| INSTRUCTIONS TO FOLLOW |
Your answer should contain each record from the listing, repeated exactly.

| DATASET RECORDS |
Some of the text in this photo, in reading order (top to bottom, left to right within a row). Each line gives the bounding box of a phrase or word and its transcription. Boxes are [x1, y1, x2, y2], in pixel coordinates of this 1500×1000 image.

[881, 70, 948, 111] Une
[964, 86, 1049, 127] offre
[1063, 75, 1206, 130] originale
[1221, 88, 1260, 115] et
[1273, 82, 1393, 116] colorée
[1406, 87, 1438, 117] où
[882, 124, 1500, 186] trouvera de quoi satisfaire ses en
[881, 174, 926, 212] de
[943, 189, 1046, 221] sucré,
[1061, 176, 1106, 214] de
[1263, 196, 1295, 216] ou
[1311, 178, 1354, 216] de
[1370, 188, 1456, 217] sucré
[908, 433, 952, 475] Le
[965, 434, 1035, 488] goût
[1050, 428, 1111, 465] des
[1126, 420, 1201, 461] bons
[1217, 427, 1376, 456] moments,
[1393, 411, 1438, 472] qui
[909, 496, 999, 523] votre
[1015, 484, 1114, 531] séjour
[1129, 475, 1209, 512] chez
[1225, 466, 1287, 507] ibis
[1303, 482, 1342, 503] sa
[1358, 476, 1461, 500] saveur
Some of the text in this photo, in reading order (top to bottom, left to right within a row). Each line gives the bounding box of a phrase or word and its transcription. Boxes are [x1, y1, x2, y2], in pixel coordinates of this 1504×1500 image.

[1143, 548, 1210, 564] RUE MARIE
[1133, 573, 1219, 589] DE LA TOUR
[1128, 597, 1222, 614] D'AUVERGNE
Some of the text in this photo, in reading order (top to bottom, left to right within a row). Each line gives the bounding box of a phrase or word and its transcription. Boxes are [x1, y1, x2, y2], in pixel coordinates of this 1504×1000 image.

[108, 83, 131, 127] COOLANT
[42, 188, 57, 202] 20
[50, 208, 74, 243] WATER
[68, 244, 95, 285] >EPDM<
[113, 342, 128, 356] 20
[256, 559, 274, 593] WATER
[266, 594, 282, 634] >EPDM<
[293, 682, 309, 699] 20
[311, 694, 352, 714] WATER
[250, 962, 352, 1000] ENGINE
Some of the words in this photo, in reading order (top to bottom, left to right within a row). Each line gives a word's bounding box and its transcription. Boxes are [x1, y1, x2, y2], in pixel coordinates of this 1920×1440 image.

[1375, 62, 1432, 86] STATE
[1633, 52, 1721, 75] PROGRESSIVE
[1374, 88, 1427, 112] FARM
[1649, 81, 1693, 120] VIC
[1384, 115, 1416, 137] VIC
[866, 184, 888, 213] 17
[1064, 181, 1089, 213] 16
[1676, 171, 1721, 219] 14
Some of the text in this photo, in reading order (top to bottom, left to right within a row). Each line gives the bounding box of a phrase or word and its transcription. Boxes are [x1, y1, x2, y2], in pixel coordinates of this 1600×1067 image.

| TASK RESPONSE |
Some of the text in this photo, in reading order (top to bottom, left to right within a row). Each line gives the bounding box of a phrase or word and its transcription. Boxes are [x1, y1, x2, y2], in pixel coordinates of this 1500×1000 image.

[881, 70, 948, 111] Une
[964, 86, 1049, 127] offre
[1063, 75, 1206, 130] originale
[1221, 88, 1260, 115] et
[1273, 82, 1393, 116] colorée
[1406, 87, 1438, 117] où
[882, 124, 1500, 186] trouvera de quoi satisfaire ses en
[881, 174, 926, 212] de
[943, 189, 1046, 221] sucré,
[1061, 176, 1106, 214] de
[1263, 196, 1295, 216] ou
[1311, 178, 1354, 216] de
[1370, 188, 1456, 217] sucré
[908, 433, 952, 475] Le
[965, 434, 1035, 488] goût
[1050, 428, 1111, 465] des
[1126, 420, 1201, 461] bons
[1217, 427, 1376, 456] moments,
[1393, 411, 1438, 472] qui
[909, 496, 999, 523] votre
[1015, 484, 1114, 531] séjour
[1129, 475, 1209, 512] chez
[1225, 466, 1287, 507] ibis
[1303, 482, 1342, 503] sa
[1358, 476, 1461, 500] saveur
Some of the text in this photo, in reading order (top to bottom, left to right within a row). Each line gives the bounding box of a phrase or word and its transcription. Boxes are [x1, y1, x2, y2], in pixel coordinates of this 1504×1500 image.

[1143, 548, 1210, 564] RUE MARIE
[1133, 573, 1219, 589] DE LA TOUR
[1128, 597, 1222, 614] D'AUVERGNE
Some of the text in this photo, in reading order (top to bottom, left to right within a row). Each line gives the bounding box of a phrase or word and its transcription. Boxes are [x1, y1, x2, y2], in pixel coordinates of this 1504×1000 image.

[108, 83, 131, 127] COOLANT
[42, 188, 57, 202] 20
[50, 208, 74, 243] WATER
[68, 244, 95, 285] >EPDM<
[113, 342, 128, 356] 20
[256, 559, 274, 593] WATER
[266, 594, 282, 634] >EPDM<
[293, 682, 309, 699] 20
[311, 694, 352, 714] WATER
[250, 962, 352, 1000] ENGINE
Some of the words in this photo, in reading order (top to bottom, left to right within a row). Each line gives a word's bounding box and its transcription. Boxes are [x1, y1, x2, y2], in pixel coordinates of this 1920×1440 image.

[1375, 62, 1432, 86] STATE
[1633, 52, 1721, 75] PROGRESSIVE
[1374, 88, 1427, 112] FARM
[1649, 81, 1693, 120] VIC
[1384, 115, 1416, 137] VIC
[866, 184, 888, 213] 17
[1064, 181, 1089, 213] 16
[1676, 171, 1721, 219] 14
Some of the text in this photo, in reading order (top to bottom, left to right within a row). Each line gives the bounding box of a phrase or word and its transcription. Boxes are [x1, y1, x2, y2], in pixel coordinates of this 1600×1067 image.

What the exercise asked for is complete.